Nonostante l’allargarsi progressivo della forbice relativa alla distribuzione della ricchezza – non solo a livello italiano – non appaiono all’orizzonte presupposti che indichino un’inversione di quella perversa situazione. Nel 2018, ventisei (26!) individui possedevano la ricchezza di 3,8 miliardi di persone, la metà più povera della popolazione del pianeta.
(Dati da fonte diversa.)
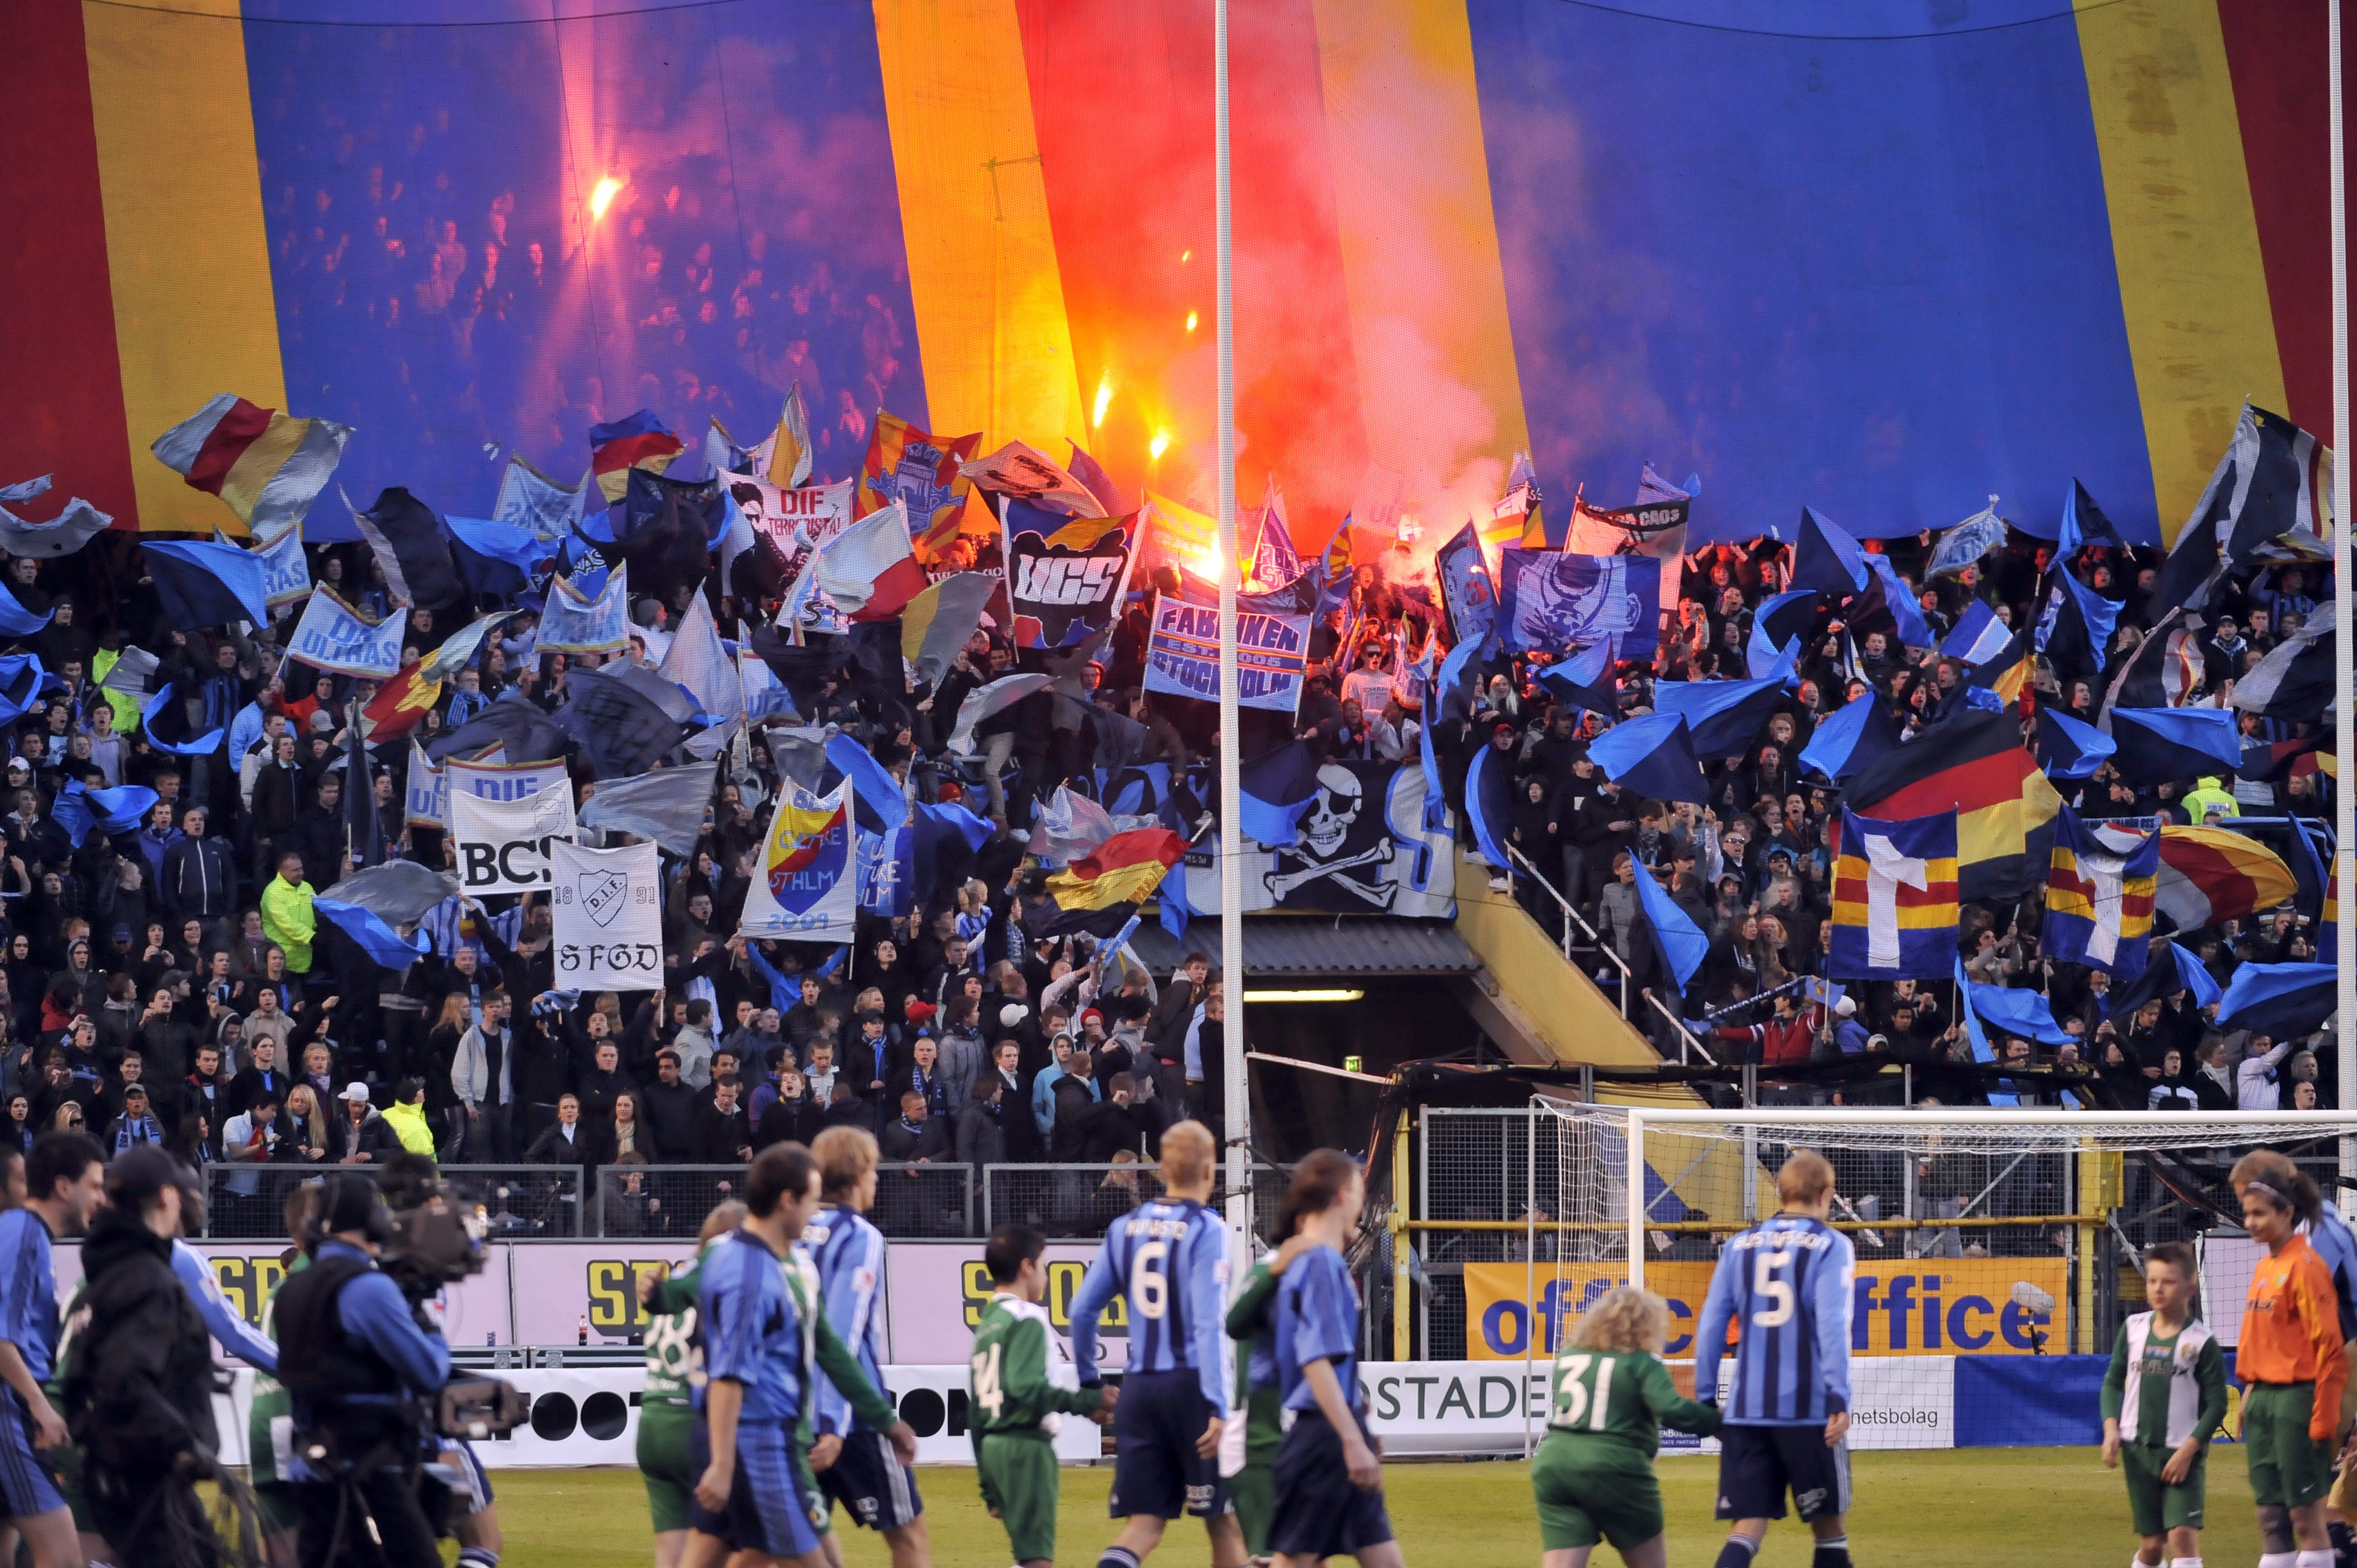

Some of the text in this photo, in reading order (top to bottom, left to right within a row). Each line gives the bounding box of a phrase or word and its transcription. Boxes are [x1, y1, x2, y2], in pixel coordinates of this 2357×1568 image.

[780, 489, 824, 514] DIF
[1639, 508, 1680, 527] CAOS
[1014, 554, 1123, 605] UCS
[1161, 607, 1300, 652] FABIKEN
[1167, 638, 1281, 667] EST. 005
[1153, 651, 1291, 698] STOCKOLM
[793, 789, 841, 812] BLE
[555, 886, 573, 904] 18
[637, 886, 656, 904] 91
[769, 870, 834, 891] STHLM
[768, 912, 829, 930] 2009
[1131, 1241, 1168, 1318] 6
[1752, 1251, 1794, 1327] 5
[1851, 1275, 2051, 1350] ffice
[1360, 1375, 1547, 1421] STADE
[1554, 1354, 1617, 1431] 31
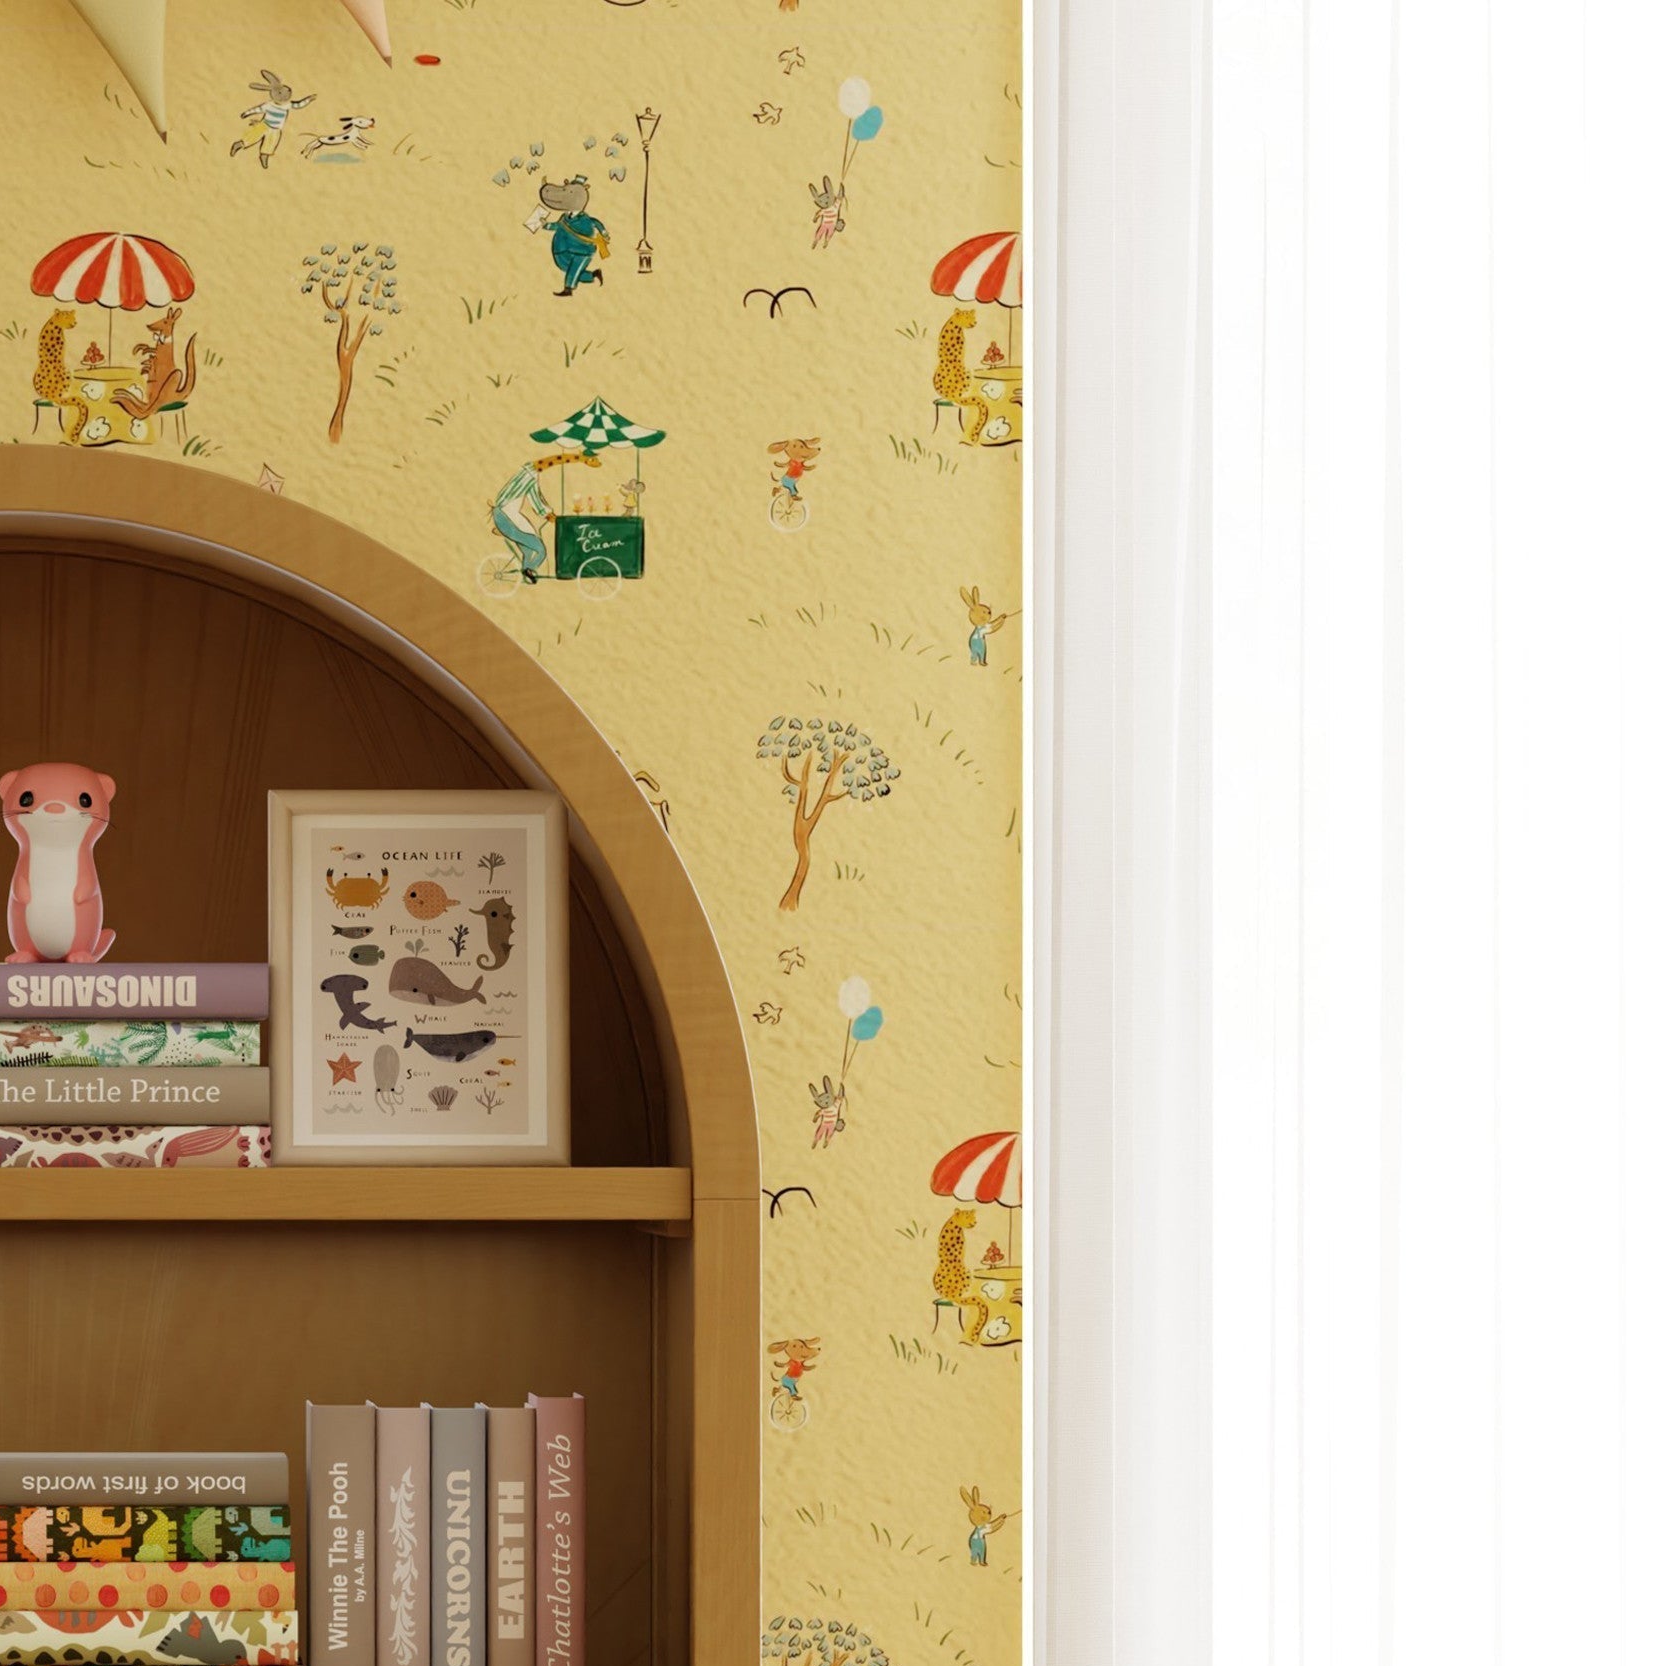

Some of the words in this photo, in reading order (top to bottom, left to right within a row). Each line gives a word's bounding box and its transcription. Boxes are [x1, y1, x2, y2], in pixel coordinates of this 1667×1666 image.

[576, 523, 602, 542] Ice
[581, 539, 624, 553] Cream
[382, 851, 429, 861] OCEAN
[435, 851, 462, 861] LIFE
[7, 975, 197, 1008] DINOSAURS
[45, 1077, 121, 1103] Little
[130, 1078, 221, 1103] Prince
[547, 1434, 571, 1500] Web
[22, 1475, 96, 1494] words
[103, 1475, 148, 1494] first
[154, 1475, 179, 1494] of
[186, 1475, 246, 1494] book
[328, 1462, 348, 1519] Pooh
[328, 1526, 348, 1568] The
[354, 1529, 365, 1560] Milne
[498, 1481, 525, 1639] EARTH
[354, 1562, 364, 1587] A.A.
[354, 1588, 366, 1602] by
[328, 1574, 348, 1650] Winnie
Depurando i dati ed escludendo quindi i paesi in via di sviluppo (perennemente “in via di sviluppo”, come recita un cinico eufemismo), limitandosi alla sola situazione nazionale, nello stesso anno il 20% più ricco degli italiani è stato detentore del 72% della ricchezza italiana, mentre al 60% più povero ne rimane appena il 12,4% (fonte: Il Sole 24 ore del 21 gennaio 2019).
Al dato riferito meramente al reddito, per completare il quadro con un minimo di verosimiglianza, è necessario tenere presente degli altri indicatori, quali l’incidenza della disoccupazione, la precarietà dei rapporti di lavoro, la crescente impossibilità di accesso al cosiddetto ascensore sociale da parte dei ragazzi appartenenti a quel 60% della popolazione di cui si è detto, la prevedibile tentazione di ridurre ulteriormente la gamma e la qualità dei servizi sociali. Tutti fattori che importano davvero poco, almeno a coloro che possono trasferire all’estero la propria sede legale o quella fiscale. E pensare che con questi chiari di luna ci sono forze politiche di grande, forse maggioritario, seguito popolare che propongono con la cosiddetta “flat tax” uno smantellamento del principio di progressività delle imposte dirette.
Si sente spesso ripetere che quando saremo usciti da questa emergenza epidemica «nulla sarà come prima». Sotto molti profili sembra essere un epilogo da bramarsi devotamente.